NASA did not keep the tape of the Apollo 11 moon landing. Hollywood helped.
Supporters of the theory that Armstrong was not on the Moon, but only in a movie studio, will now have something to talk about. NASA did not keep the tape with the footage of the landing! But where NASA can't, Hollywood will help...

The embarrassing fact that NASA sent a man to the Moon but did not keep a tape of the landing was announced yesterday, on the 40th anniversary of the launch of Apollo 11, by a spokesman for the American space agency. NASA simply reused the media, erasing its previous, priceless content! Fortunately, Hollywood came to the rescue.
Landing in HD
The Casablanca studio sharpened and cleaned the preserved, snowy copies of the landing coverage, making the film much better now than what audiences saw 40 years ago. The material was provided by four copies of reports from the landing that NASA sent to various television stations four decades ago. – "Nothing was added or artificially created," says Dick Nafzger, the engineer responsible for the entire film project. - "However, you can now see new details," he adds.

To many viewers, the films will seem new because of their extraordinary quality. In the 1969 version, for example, Armstrong's face was not visible - it was blurred. Today we will see his facial expressions through the helmet's visor, as well as the reflection of the Moon's surface on the helmet. The first part of the effects of the work of Hollywood specialists has already been made available to viewers on the NASA website at: http://www.nasa.gov/multimedia/hd/apollo11.html
The landing coverage restoration project cost $230,000. So far, 40 percent have been developed. tapes, which took several months. Renovated fragments include: the scene of Armstrong descending the ladder to the surface of the Silver Globe, planting the US flag there and Buzz Armstrong's descent to the surface of the Moon.

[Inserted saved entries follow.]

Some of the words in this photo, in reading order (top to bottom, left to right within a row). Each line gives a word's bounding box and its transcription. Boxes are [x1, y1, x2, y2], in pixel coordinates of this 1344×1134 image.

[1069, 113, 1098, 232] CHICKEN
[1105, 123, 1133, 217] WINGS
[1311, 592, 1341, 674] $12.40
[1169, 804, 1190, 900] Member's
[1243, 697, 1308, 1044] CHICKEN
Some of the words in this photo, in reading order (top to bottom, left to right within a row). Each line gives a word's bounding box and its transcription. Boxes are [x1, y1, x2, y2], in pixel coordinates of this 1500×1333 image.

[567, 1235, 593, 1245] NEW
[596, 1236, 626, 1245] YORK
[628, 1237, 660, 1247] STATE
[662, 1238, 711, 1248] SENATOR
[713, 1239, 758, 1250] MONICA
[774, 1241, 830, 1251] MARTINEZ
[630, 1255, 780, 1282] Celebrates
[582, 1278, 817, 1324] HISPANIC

The search for tapes recording the first landing of humans on the Moon began three years ago. Originally there were 45 of them, but as it turned out, they were deleted and reused during subsequent NASA missions. A detailed report on how this happened will be released in a few weeks. It is already known that the original recordings were kept throughout the 1970s and deleted only in the 1980s, when NASA ran out of tapes to record subsequent missions. At that time, approximately 200,000 recordings were deleted from the archive.
Nafzger, who was responsible for the TV broadcast in 1969, explains that the 15-minute tapes stored in the archive were treated mainly as data, not a record of historical events - hence the decision to delete them. Historians, of course, still cannot shake off their horror. "It's surprising that NASA didn't have the sense to preserve what were perhaps the most important documents of the 20th century," said historian Douglas Brinkley of Rice University. "NASA has preserved many of the gadgets and items associated with the Apollo 11 mission, so the fact that tapes is very disturbing," he says. As he says, the digitally corrected copies look great, but nothing can replace the opportunity for historians to work with the original.

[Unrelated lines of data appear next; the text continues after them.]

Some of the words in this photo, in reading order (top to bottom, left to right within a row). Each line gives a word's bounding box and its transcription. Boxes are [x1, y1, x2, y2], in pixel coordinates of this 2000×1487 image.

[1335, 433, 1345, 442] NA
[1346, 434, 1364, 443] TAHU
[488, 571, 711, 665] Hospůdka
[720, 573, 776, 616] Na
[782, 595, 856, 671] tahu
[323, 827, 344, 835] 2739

In turn, Roger Launius, a former NASA historian, is not surprised by the disappearance of the recordings. – “It was a mistake, there is no doubt,” he says. - “But this is due to the policy of the entire federal government, which does not believe that it is important to retain similar certificates. It's like a mentality straight from 'Raiders of the Lost Ark' - the treasure disappears somewhere among other similar boxes..." The comparison to Indiana Jones films is not accidental - it was the "Casablanca" studio that renewed the entire series, including "Raiders...".
The moon is gray anyway
Despite their experience, specialists from "Casablanca" have no doubts - the tapes recording the Apollo 11 landing are the worst quality material they have ever worked on. They managed to make the copy into a movie that was "slightly better" than the original. The report is still black and white, no one has considered the possibility of coloring it. Besides – the moon is gray anyway!

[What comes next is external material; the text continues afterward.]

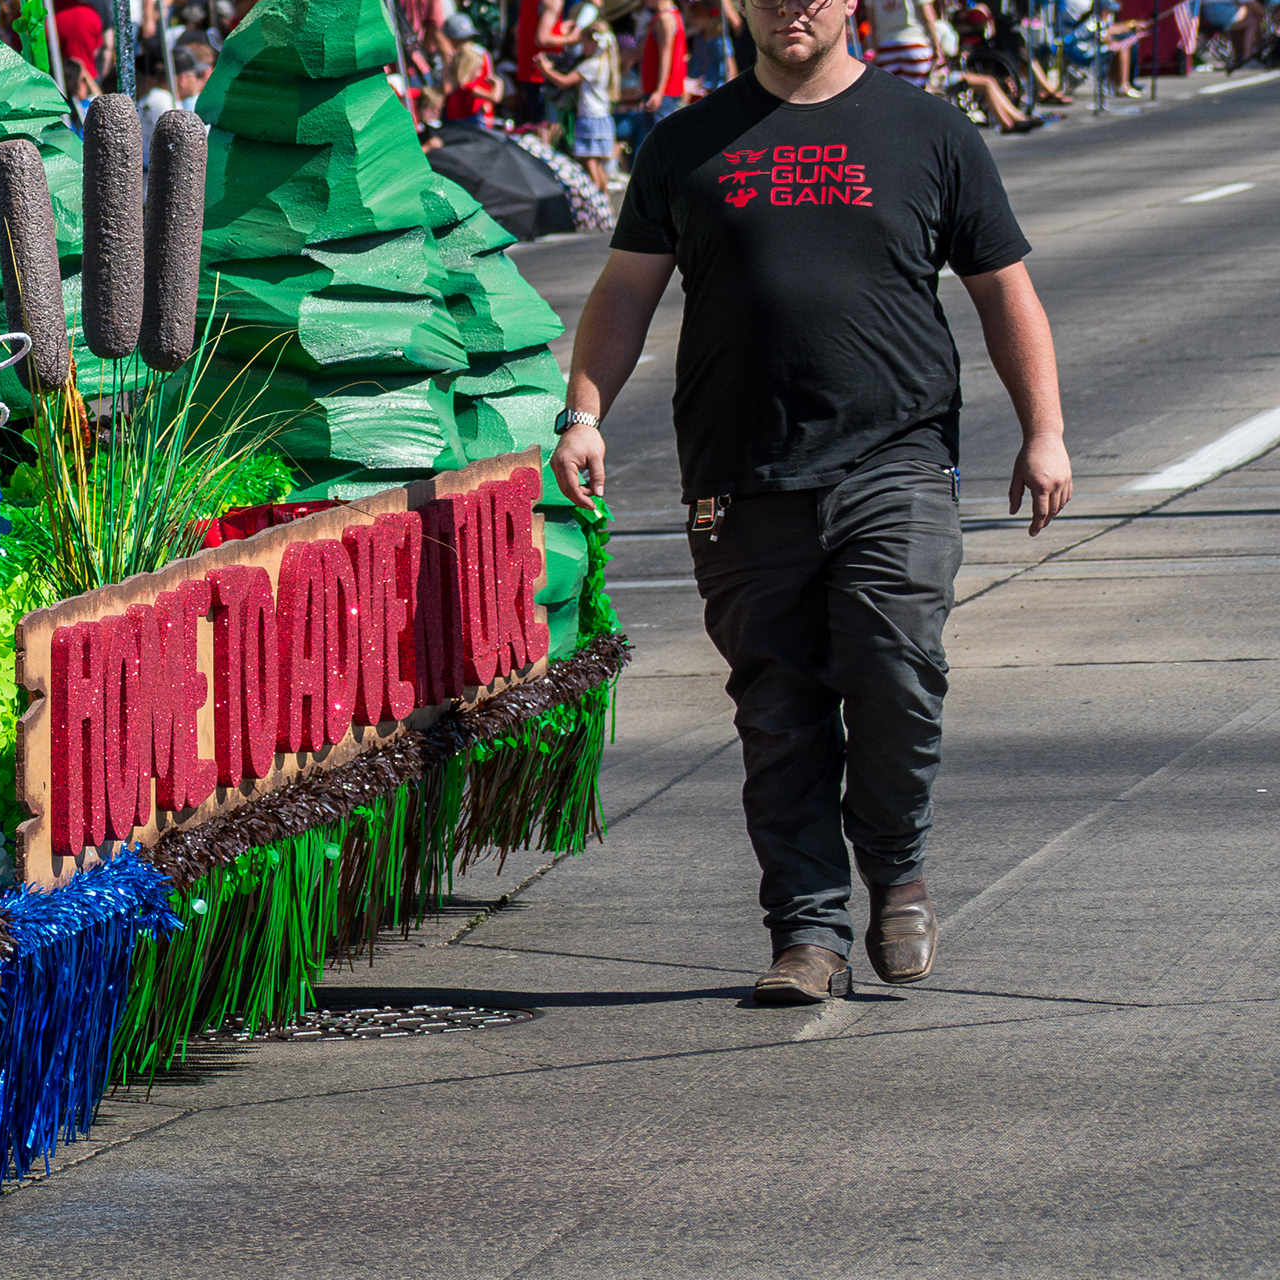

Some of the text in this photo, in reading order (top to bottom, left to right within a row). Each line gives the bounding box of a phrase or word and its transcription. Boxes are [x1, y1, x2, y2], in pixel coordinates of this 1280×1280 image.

Why the low transmission quality? 40 percent image quality involved converting the material sent from the Moon to a format that could be broadcast on "terrestrial" television. – "If NASA had fabricated this film, it would certainly have been made in better quality," comments Mike Inchalik from the "Casablanca" studio.
The reconstruction was based on four copies of reports from the Moon, from CBS News, the National Archives, Australian television, and a video recording from a camera that... filmed the TV screen on July 20, 1969.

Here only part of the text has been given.